When you repeat the entries, reproduce each line exactly and omit every picture.

====

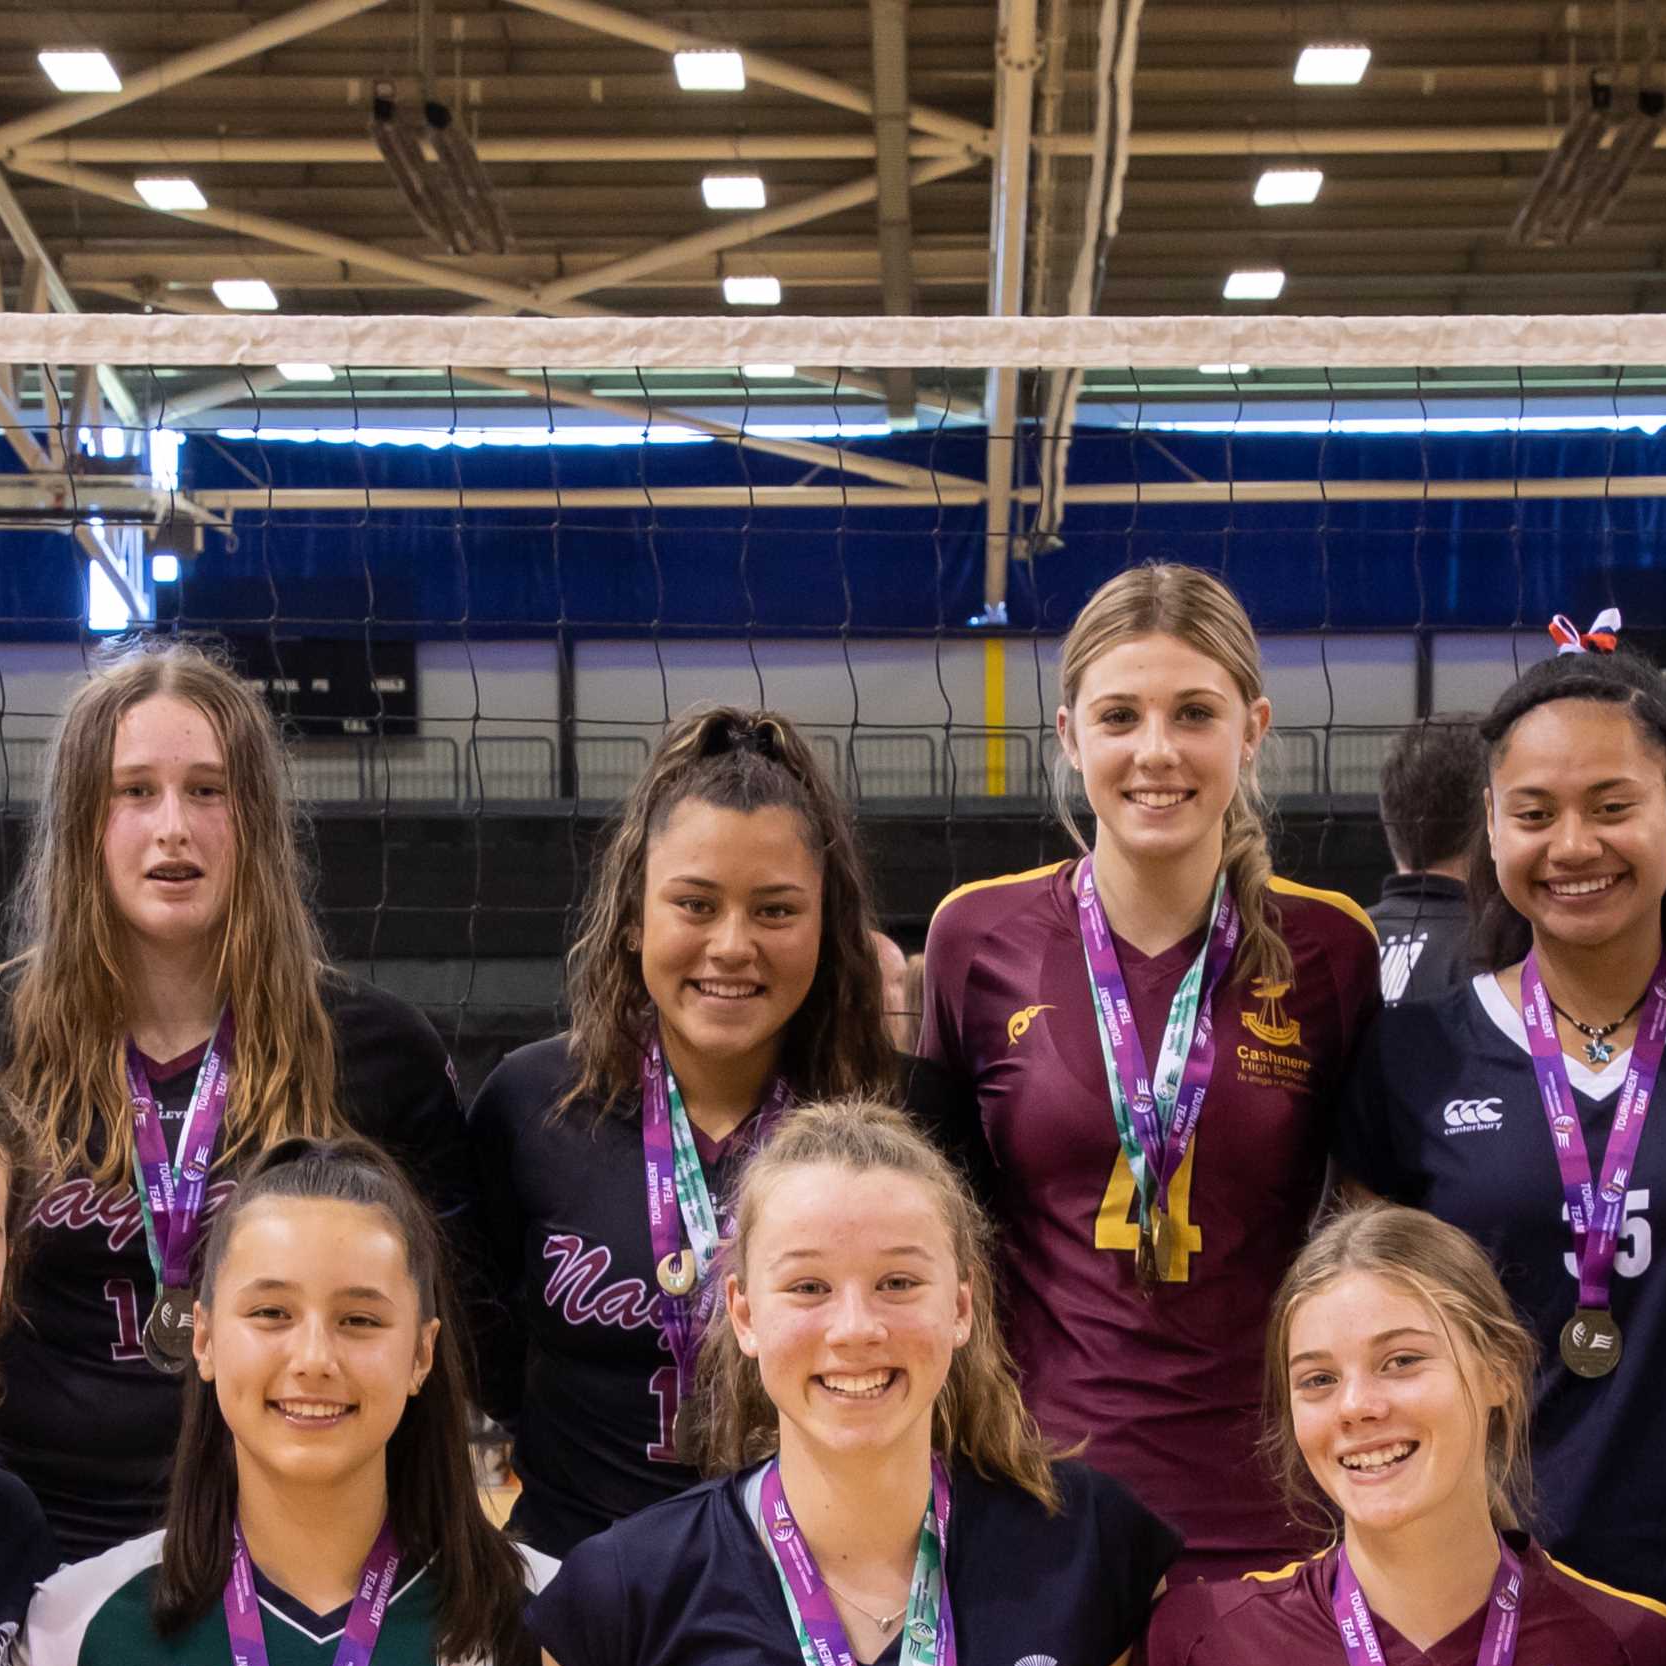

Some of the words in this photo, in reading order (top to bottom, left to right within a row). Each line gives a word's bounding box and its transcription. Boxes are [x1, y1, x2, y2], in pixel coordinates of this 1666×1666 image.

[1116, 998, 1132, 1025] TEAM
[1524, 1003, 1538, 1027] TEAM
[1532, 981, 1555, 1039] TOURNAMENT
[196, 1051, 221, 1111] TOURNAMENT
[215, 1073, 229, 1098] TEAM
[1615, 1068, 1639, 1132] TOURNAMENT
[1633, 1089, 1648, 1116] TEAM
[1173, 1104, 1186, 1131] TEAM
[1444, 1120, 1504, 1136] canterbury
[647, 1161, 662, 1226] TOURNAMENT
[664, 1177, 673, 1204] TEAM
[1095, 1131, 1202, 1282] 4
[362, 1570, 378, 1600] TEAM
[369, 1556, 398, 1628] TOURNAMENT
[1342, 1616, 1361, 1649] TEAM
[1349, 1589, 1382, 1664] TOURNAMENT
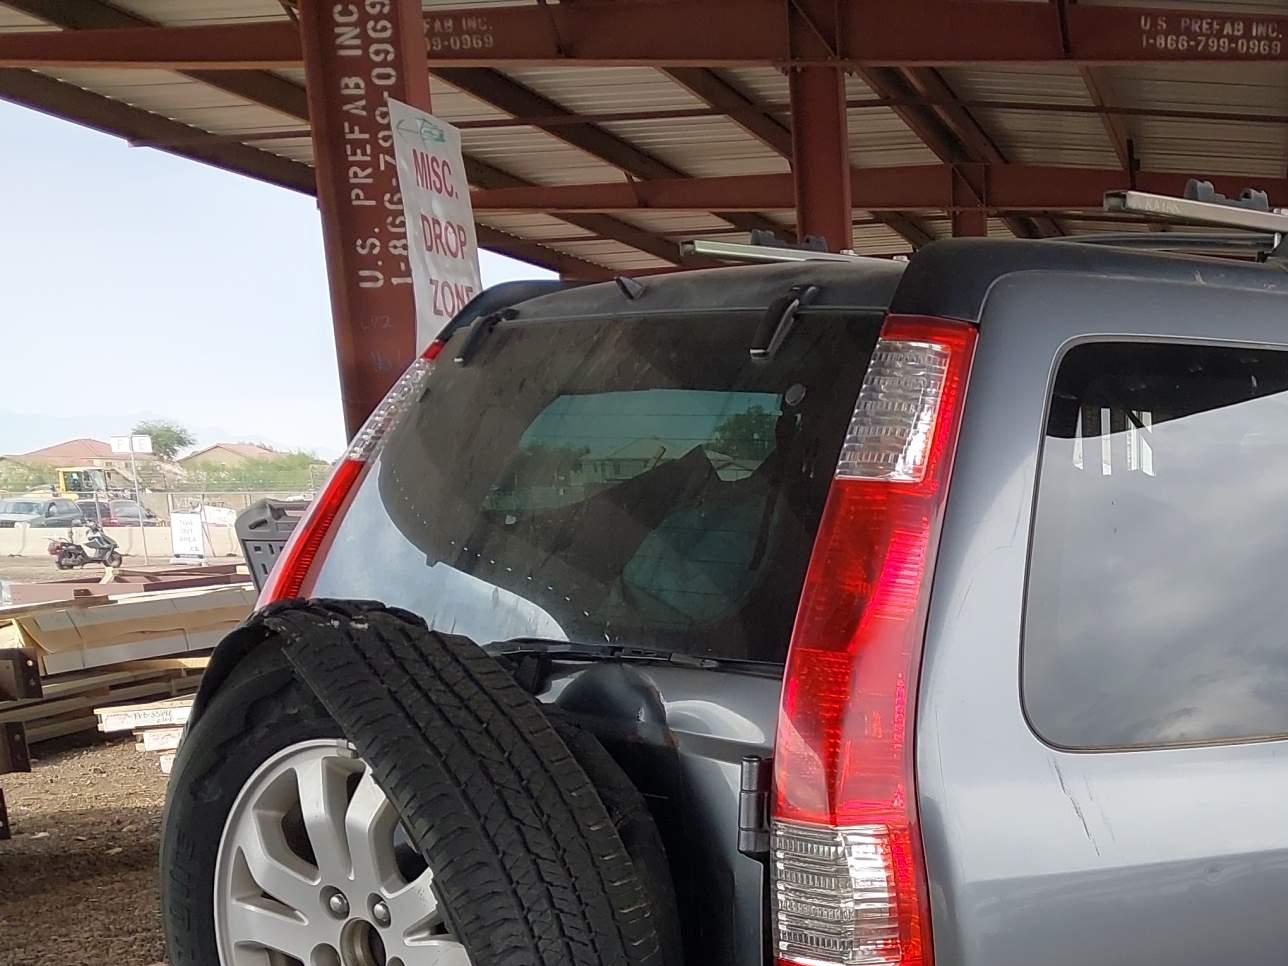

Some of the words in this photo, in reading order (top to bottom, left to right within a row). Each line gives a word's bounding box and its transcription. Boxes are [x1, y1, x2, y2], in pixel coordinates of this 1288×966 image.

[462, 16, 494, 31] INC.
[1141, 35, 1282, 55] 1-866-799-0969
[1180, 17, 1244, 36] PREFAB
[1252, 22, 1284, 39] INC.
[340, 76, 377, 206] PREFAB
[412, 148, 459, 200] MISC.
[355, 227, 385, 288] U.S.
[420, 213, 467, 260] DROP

====

__Worked solution__:
Some of the words in this photo, in reading order (top to bottom, left to right within a row). Each line gives a word's bounding box and its transcription. Boxes are [x1, y1, x2, y2], in pixel coordinates of this 1666×1666 image.

[1116, 998, 1132, 1025] TEAM
[1524, 1003, 1538, 1027] TEAM
[1532, 981, 1555, 1039] TOURNAMENT
[196, 1051, 221, 1111] TOURNAMENT
[215, 1073, 229, 1098] TEAM
[1615, 1068, 1639, 1132] TOURNAMENT
[1633, 1089, 1648, 1116] TEAM
[1173, 1104, 1186, 1131] TEAM
[1444, 1120, 1504, 1136] canterbury
[647, 1161, 662, 1226] TOURNAMENT
[664, 1177, 673, 1204] TEAM
[1095, 1131, 1202, 1282] 4
[362, 1570, 378, 1600] TEAM
[369, 1556, 398, 1628] TOURNAMENT
[1342, 1616, 1361, 1649] TEAM
[1349, 1589, 1382, 1664] TOURNAMENT

Some of the words in this photo, in reading order (top to bottom, left to right within a row). Each line gives a word's bounding box and its transcription. Boxes are [x1, y1, x2, y2], in pixel coordinates of this 1288×966 image.

[462, 16, 494, 31] INC.
[1141, 35, 1282, 55] 1-866-799-0969
[1180, 17, 1244, 36] PREFAB
[1252, 22, 1284, 39] INC.
[340, 76, 377, 206] PREFAB
[412, 148, 459, 200] MISC.
[355, 227, 385, 288] U.S.
[420, 213, 467, 260] DROP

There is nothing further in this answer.